A transaction
in the commodity futures market is made on the trading floor (or
in the trading computers) of the exchange between brokers who
are members of the exchange that particular commodity is trading
on. The seller will have a broker, and buyer will have a broker.
They will then transact an order for a purchase and sale.
The buyers
and sellers of commodity futures contracts have obligations. The
buyer is obligated to take delivery and pay for the cash commodity
during a specific time frame. The seller is obligated to deliver
the commodity, for which he will be paid the price that was decided
in the exchange pit by the brokers. (Sometimes the price can be
more or less depending on the grade (quality) of the specific
material.) The buyer and seller can eliminate their obligation
by offsetting their trade at the exchange before the contract
comes due. This is what most speculators do in the commodity markets.
Speculators:
There are
speculators and hedgers that trade in the commodity markets. (A
hedger is not interested in making a profit off the movements
in price of a commodity futures contract, but rather in shifting
his risk of loss on the commodity itself due to adverse price
change.) Speculators will buy and sell futures, or options on
futures, for the purpose of making a profit. They will buy futures
(a long position) when they think prices will rise, or they will
sell futures (a short position) when they think prices will fall.
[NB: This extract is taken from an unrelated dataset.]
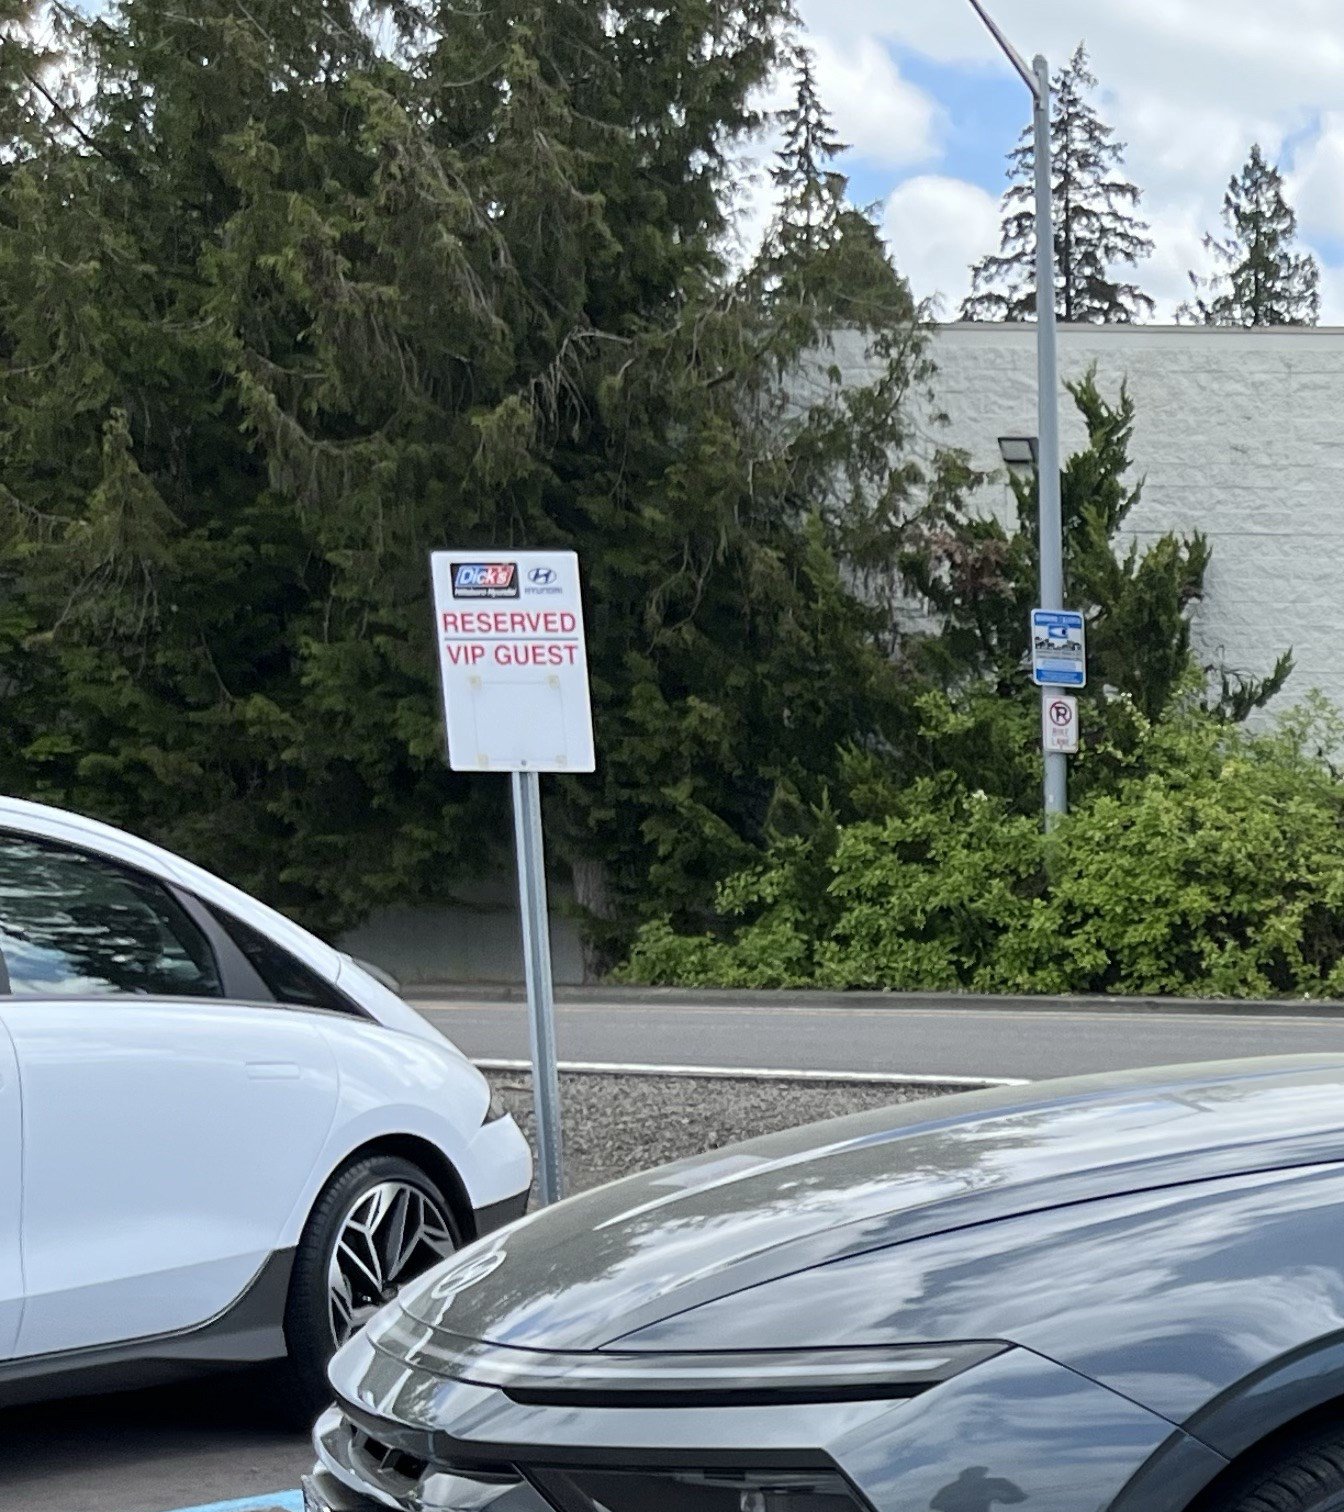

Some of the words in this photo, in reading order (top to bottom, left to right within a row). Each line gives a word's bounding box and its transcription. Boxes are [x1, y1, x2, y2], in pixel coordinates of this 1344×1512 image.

[443, 612, 576, 633] RESERVED
[446, 644, 485, 665] VIP
[494, 644, 579, 665] GUEST
Both the speculators and hedgers add volume to a market making
it a more liquid market to trade.
Most individuals
who open commodity trading accounts are speculators looking to
benefit off of the price movement of the commodity being traded.
Farmers, oil operators, cattle companies, etc could open a commodity
futures trading account looking to be a hedger and reduce their
risk of price movement.
Trading:
Here is a
simple example of a speculator (we will call him a futures trader)
executing a trade and how it would work. Once the futures trader
has established a futures trading account,
he would then call his broker to initiate a trade. He would let
the broker know if he was looking to buy or sell (long or short),
the specific commodity he wants the trade in, the month and year
of the contract he is looking to trade, the quantity, and the
price which he is willing to buy or sell for (or he can say Market
Order to have the trade executed at the current market price in
the trading pit).
Example: The
futures trader calls his broker and says "I would like to
buy One March 2007 Corn futures
at the Market Price." The broker would then take this futures
order and relay this to the trading pit at the exchange, where
the order would then be executed by brokers on the floor. (Sometimes
conditions are present when the trade can not be executed for
some reason which is rare but can happen.)
After the
trade is executed, the floor broker would relay price paid or
sold and relevant information back to the trader's broker. The
futures trader's broker would then let the futures trader know
the price that the Buy or Sell (the trade) was executed.
In recent
times, more trading has been done through the use of online
futures trading, eliminating the use of telephones and calling
of brokers on the telephones. The futures trader can trade directly
from their computer and have the trade routed directly to the
trading floor of the exchange. At the exchange some orders (electronic
markets) are executed immediately in the exchanges computers.
This is becoming the more preferred method of trading because
it tends to be quicker.
Lets say the
futures trader got his price back (the fill price) and he bought
one March Corn at $3.10. He then watches the futures
quotes and sees the price trading higher at $3.15. He then
calls his broker (or enters an order into his computer trading
platform) to sell the futures contract he has bought earlier in
the day. He tells his broker "I would like to sell 1 March
2007 Corn at the Market Price." The broker then relays this
to the trading pit where the trade is executed and reported back
to the futures trader. Lets say the price he received for the
sale was $3.14.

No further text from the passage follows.